*** Opening of SUPPLIED MATERIAL ***

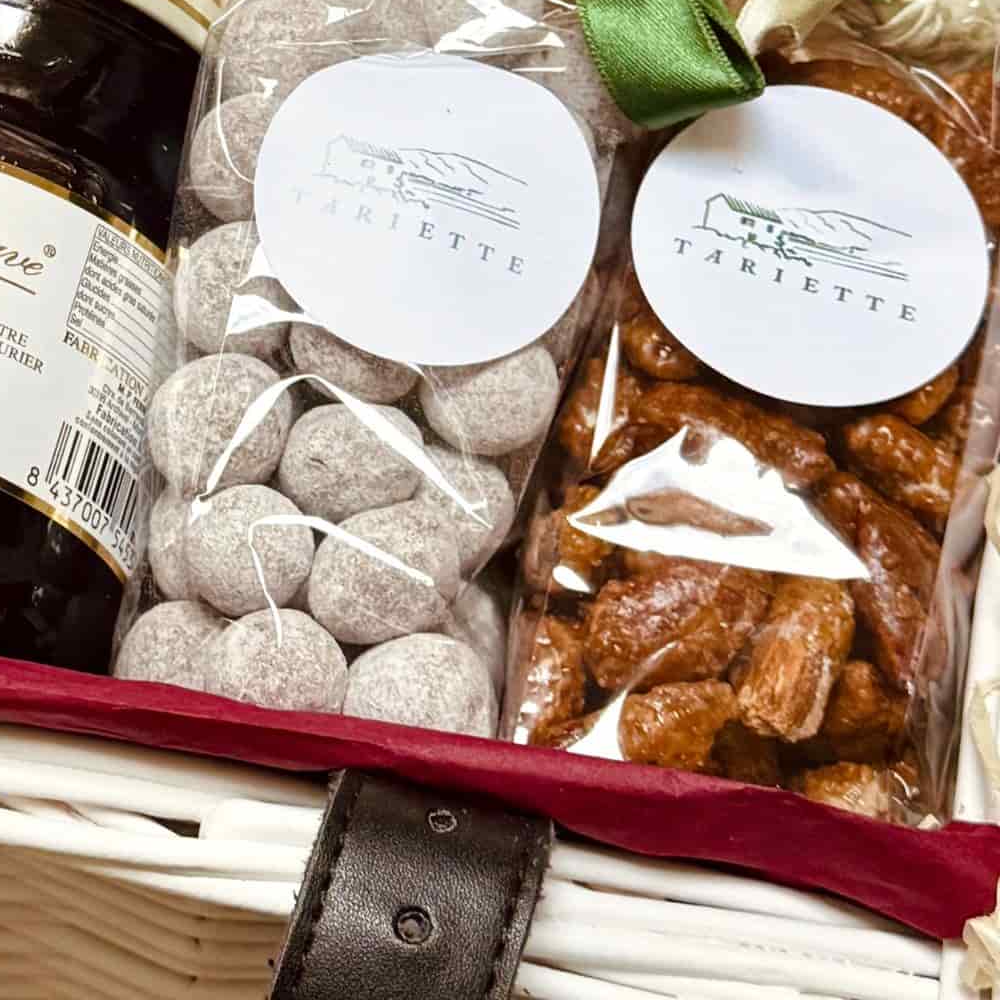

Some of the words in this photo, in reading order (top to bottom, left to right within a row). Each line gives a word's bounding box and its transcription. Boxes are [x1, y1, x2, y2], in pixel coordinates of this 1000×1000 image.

[287, 188, 526, 276] TARIETTE
[672, 236, 918, 324] TARIETTE
[63, 330, 146, 397] FABRCATION
[26, 465, 41, 488] 8
[49, 480, 111, 535] 437007
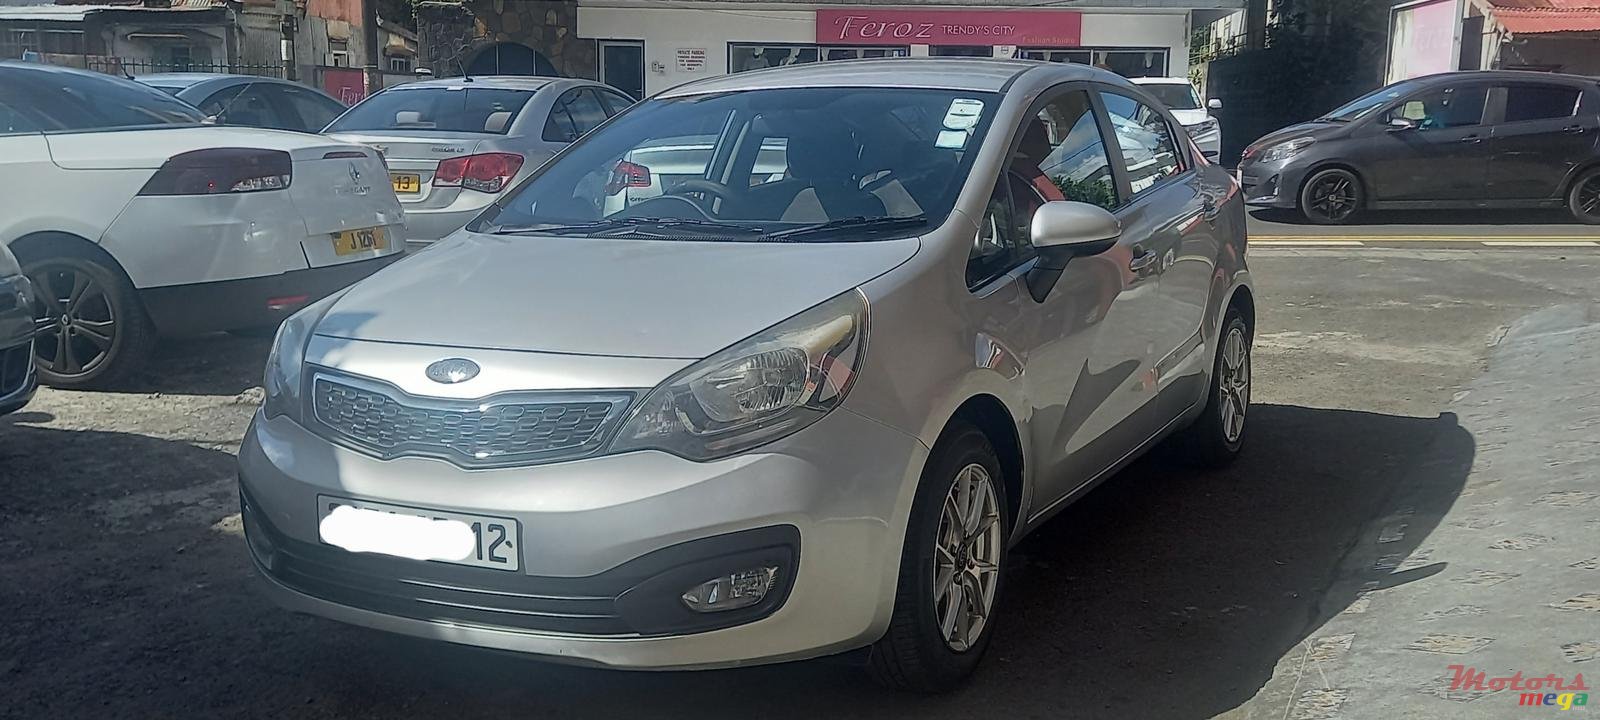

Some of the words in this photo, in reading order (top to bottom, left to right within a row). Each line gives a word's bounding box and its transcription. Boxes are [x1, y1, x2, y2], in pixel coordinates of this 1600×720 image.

[834, 14, 934, 40] Feroz
[942, 25, 990, 35] TRENDY'S
[992, 25, 1016, 35] CITY
[396, 175, 410, 190] 13
[351, 232, 357, 250] J
[471, 521, 507, 564] 12
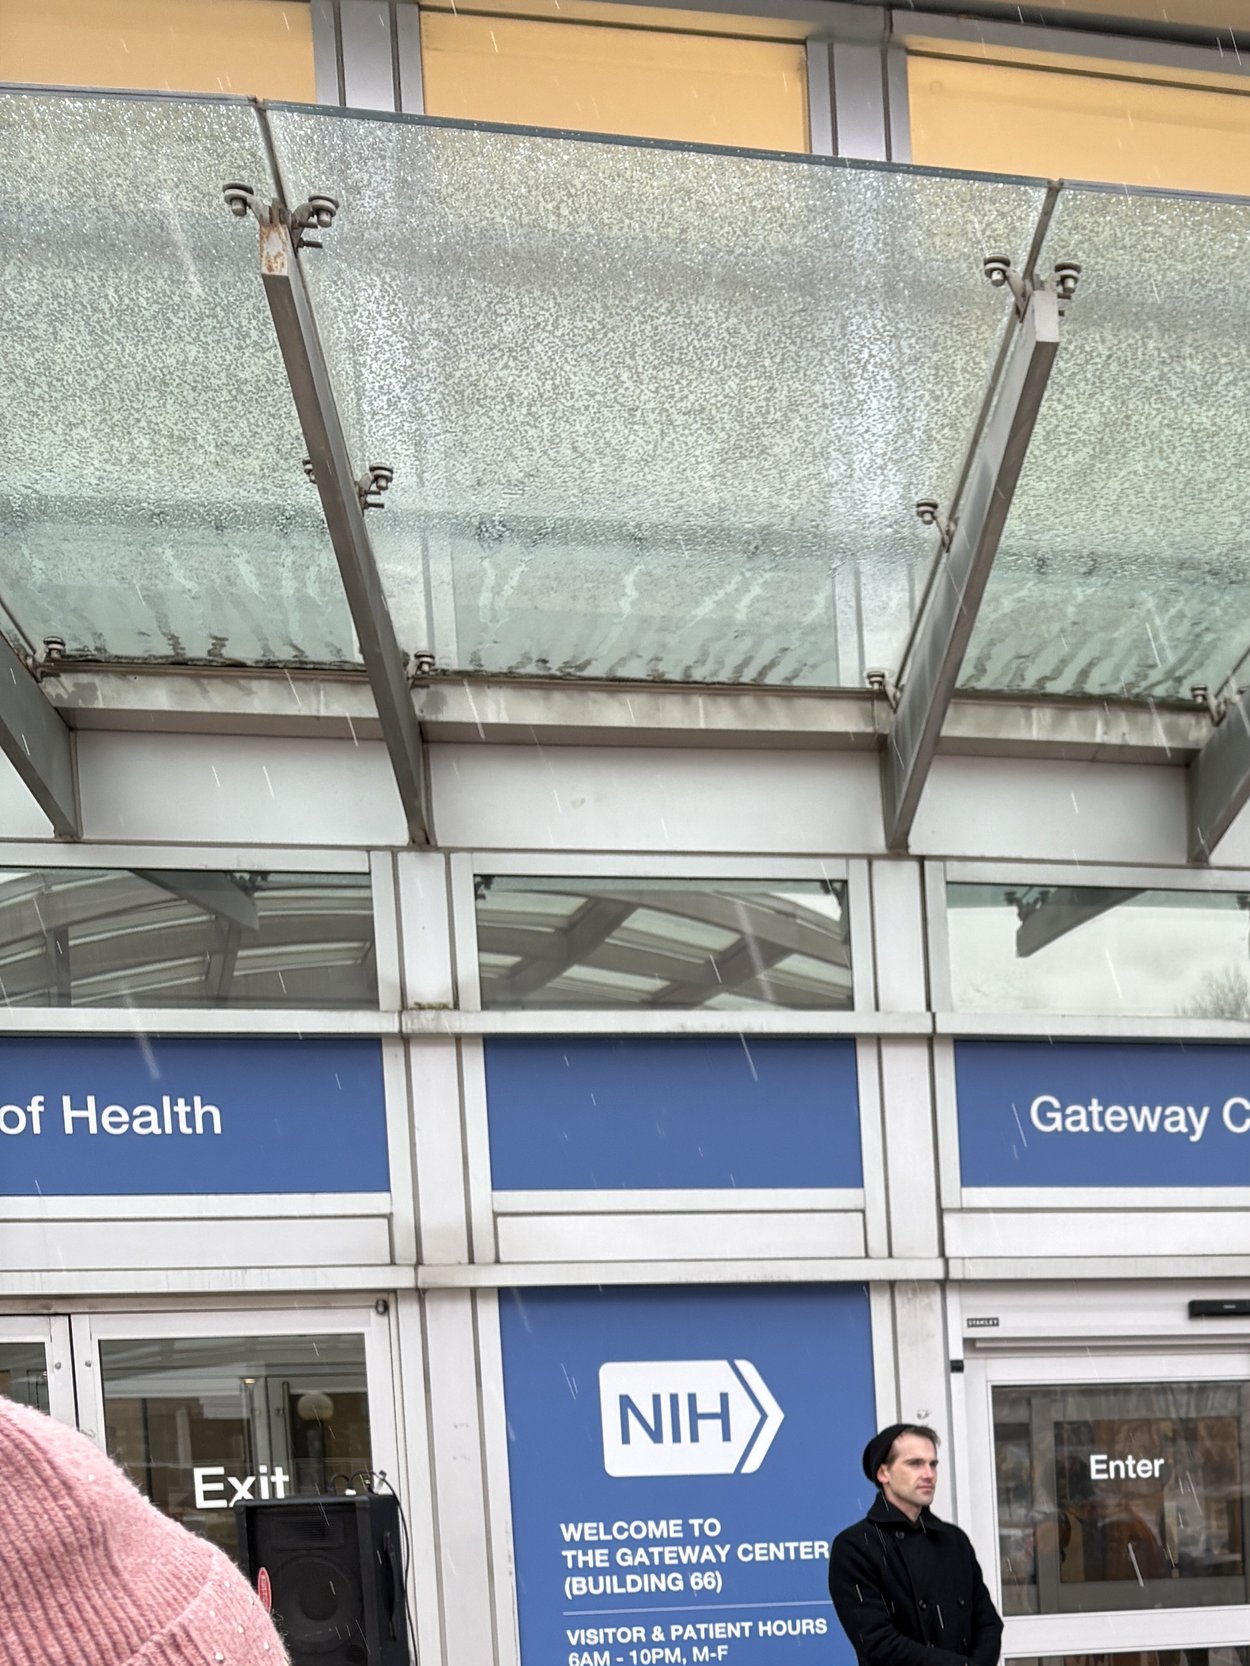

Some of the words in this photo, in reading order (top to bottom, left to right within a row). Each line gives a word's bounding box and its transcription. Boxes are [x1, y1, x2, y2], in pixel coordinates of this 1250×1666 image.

[0, 1095, 45, 1135] of
[62, 1095, 222, 1135] Health
[1031, 1095, 1209, 1142] Gateway
[619, 1392, 732, 1445] NIH
[1090, 1453, 1165, 1480] Enter
[193, 1465, 290, 1509] Exit
[560, 1520, 683, 1541] WELCOME
[689, 1518, 721, 1537] TO
[562, 1549, 609, 1568] THE
[616, 1544, 730, 1566] GATEWAY
[737, 1541, 829, 1562] CENTER
[565, 1573, 683, 1599] (BUILDING
[690, 1571, 722, 1593] 66)
[567, 1627, 646, 1645] VISITOR
[652, 1626, 665, 1641] &
[671, 1622, 752, 1640] PATIENT
[759, 1618, 827, 1636] HOURS
[630, 1648, 686, 1665] 10PM,
[693, 1645, 728, 1662] M-F
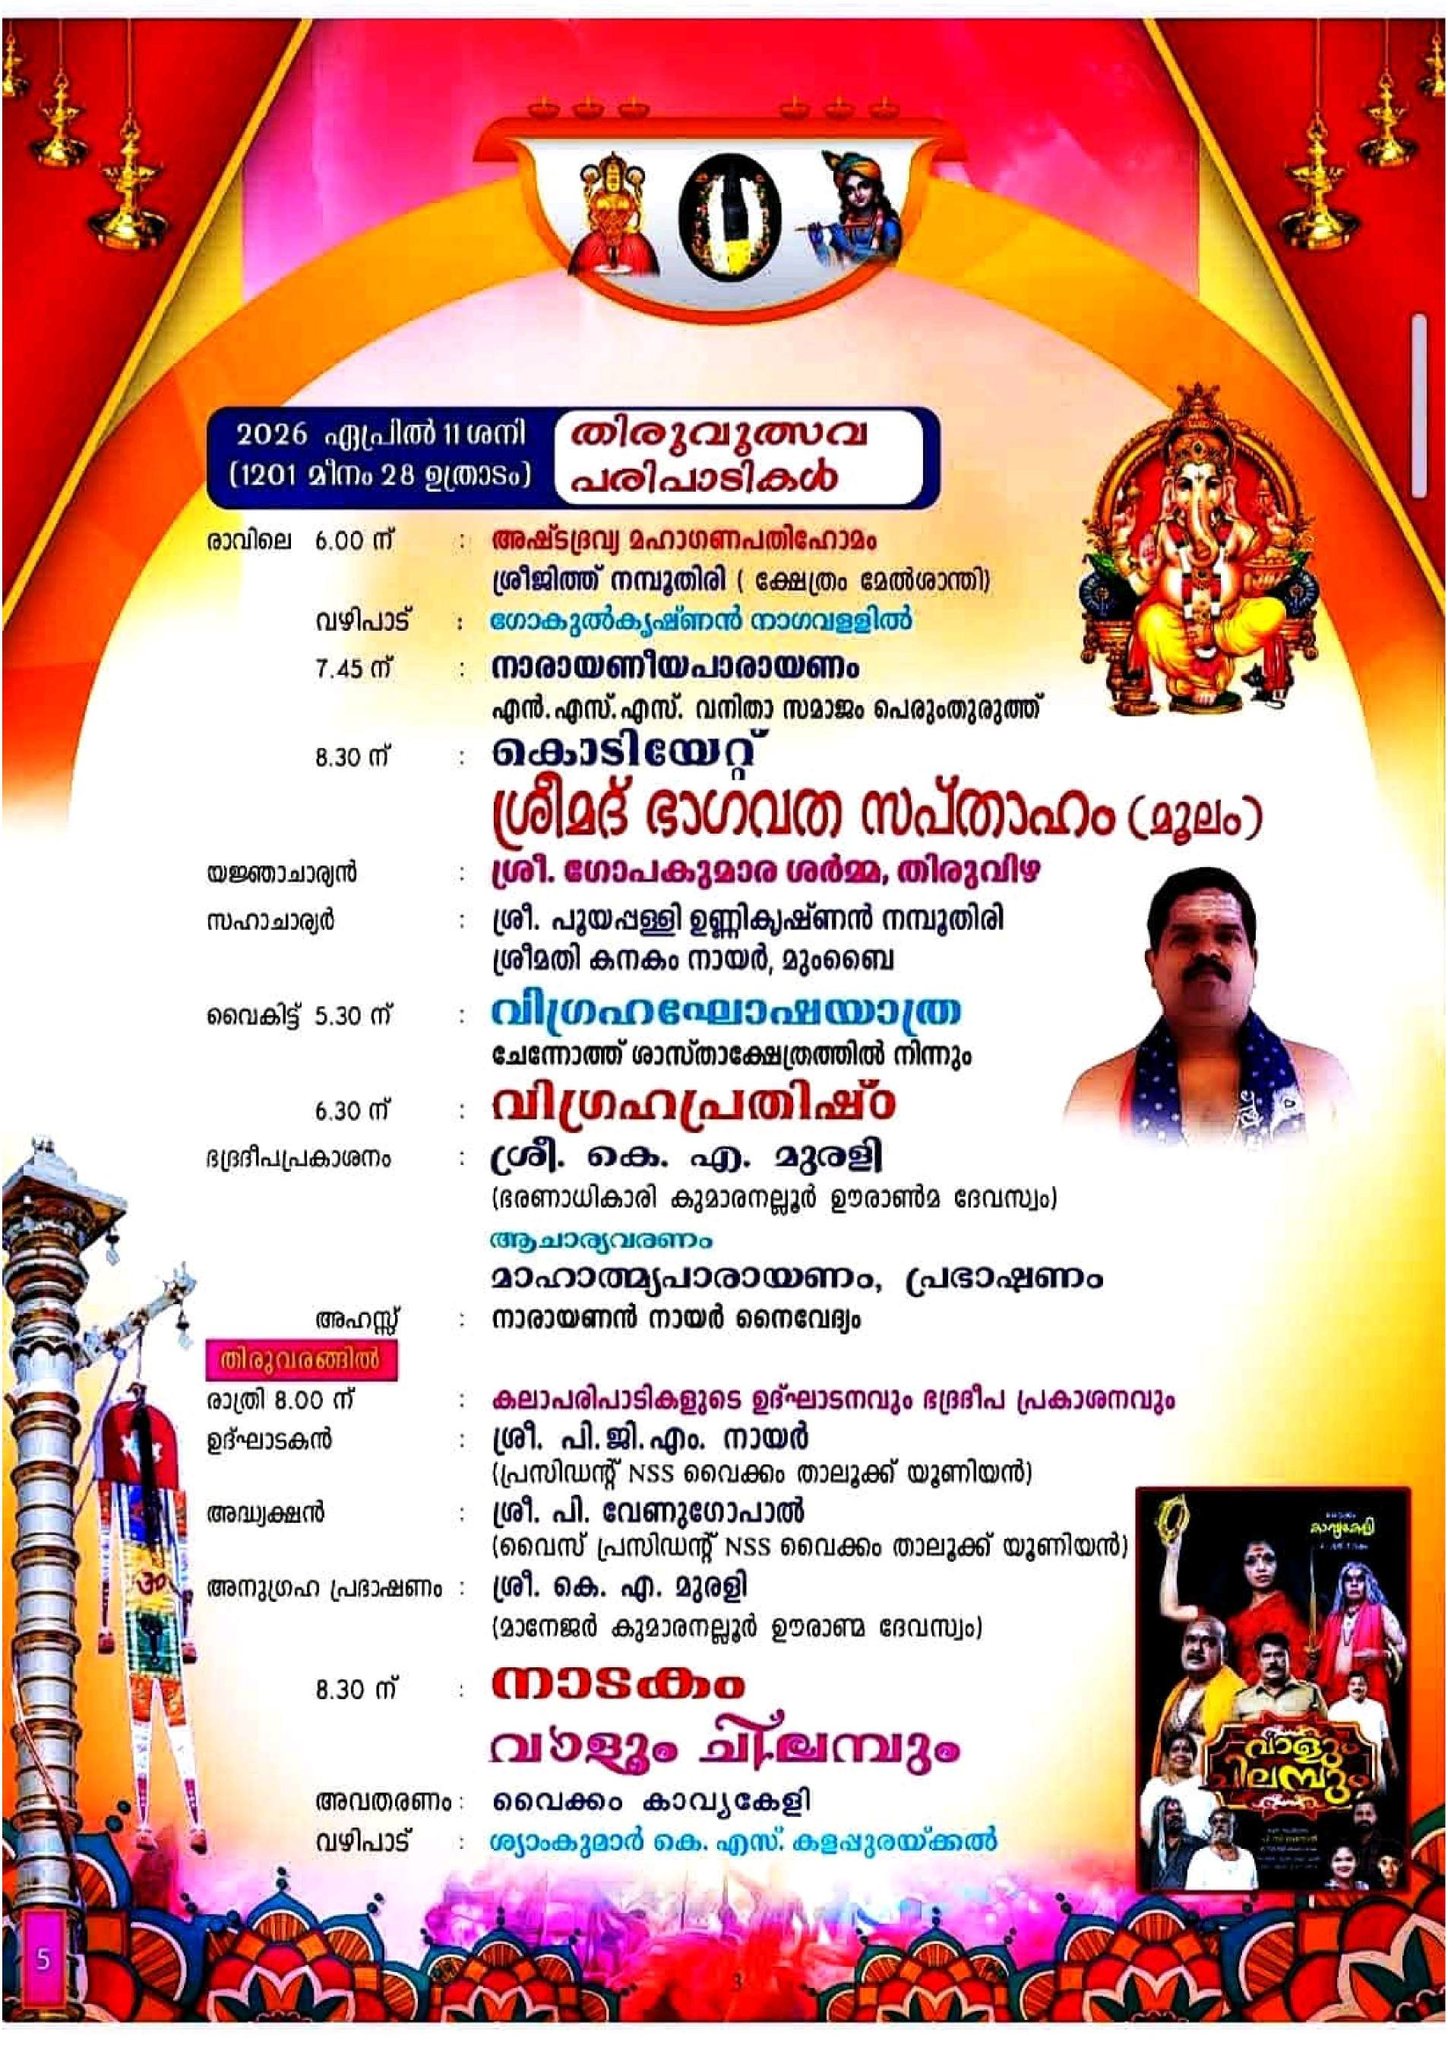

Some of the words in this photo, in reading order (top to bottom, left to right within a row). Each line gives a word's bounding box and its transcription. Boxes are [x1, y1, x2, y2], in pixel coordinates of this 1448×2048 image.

*** Close of SUPPLIED MATERIAL ***

◆ WHAT IS NEEDED: The answer must be the entries above, printed exactly, with no pictures.

◆ TASK RESULT:
Some of the words in this photo, in reading order (top to bottom, left to right within a row). Each line gives a word's bounding box and its transcription. Boxes are [x1, y1, x2, y2], in pixel coordinates of this 1000×1000 image.

[287, 188, 526, 276] TARIETTE
[672, 236, 918, 324] TARIETTE
[63, 330, 146, 397] FABRCATION
[26, 465, 41, 488] 8
[49, 480, 111, 535] 437007

Some of the words in this photo, in reading order (top to bottom, left to right within a row). Each line gives a word's bounding box and its transcription. Boxes are [x1, y1, x2, y2], in pixel coordinates of this 1600×720 image.

[834, 14, 934, 40] Feroz
[942, 25, 990, 35] TRENDY'S
[992, 25, 1016, 35] CITY
[396, 175, 410, 190] 13
[351, 232, 357, 250] J
[471, 521, 507, 564] 12

Some of the words in this photo, in reading order (top to bottom, left to right within a row). Each line gives a word's bounding box and its transcription. Boxes are [x1, y1, x2, y2], in pixel coordinates of this 1250×1666 image.

[0, 1095, 45, 1135] of
[62, 1095, 222, 1135] Health
[1031, 1095, 1209, 1142] Gateway
[619, 1392, 732, 1445] NIH
[1090, 1453, 1165, 1480] Enter
[193, 1465, 290, 1509] Exit
[560, 1520, 683, 1541] WELCOME
[689, 1518, 721, 1537] TO
[562, 1549, 609, 1568] THE
[616, 1544, 730, 1566] GATEWAY
[737, 1541, 829, 1562] CENTER
[565, 1573, 683, 1599] (BUILDING
[690, 1571, 722, 1593] 66)
[567, 1627, 646, 1645] VISITOR
[652, 1626, 665, 1641] &
[671, 1622, 752, 1640] PATIENT
[759, 1618, 827, 1636] HOURS
[630, 1648, 686, 1665] 10PM,
[693, 1645, 728, 1662] M-F

Some of the words in this photo, in reading order (top to bottom, left to right within a row). Each line gives a word's bounding box and its transcription. Boxes are [x1, y1, x2, y2], in pixel coordinates of this 1448×2048 image.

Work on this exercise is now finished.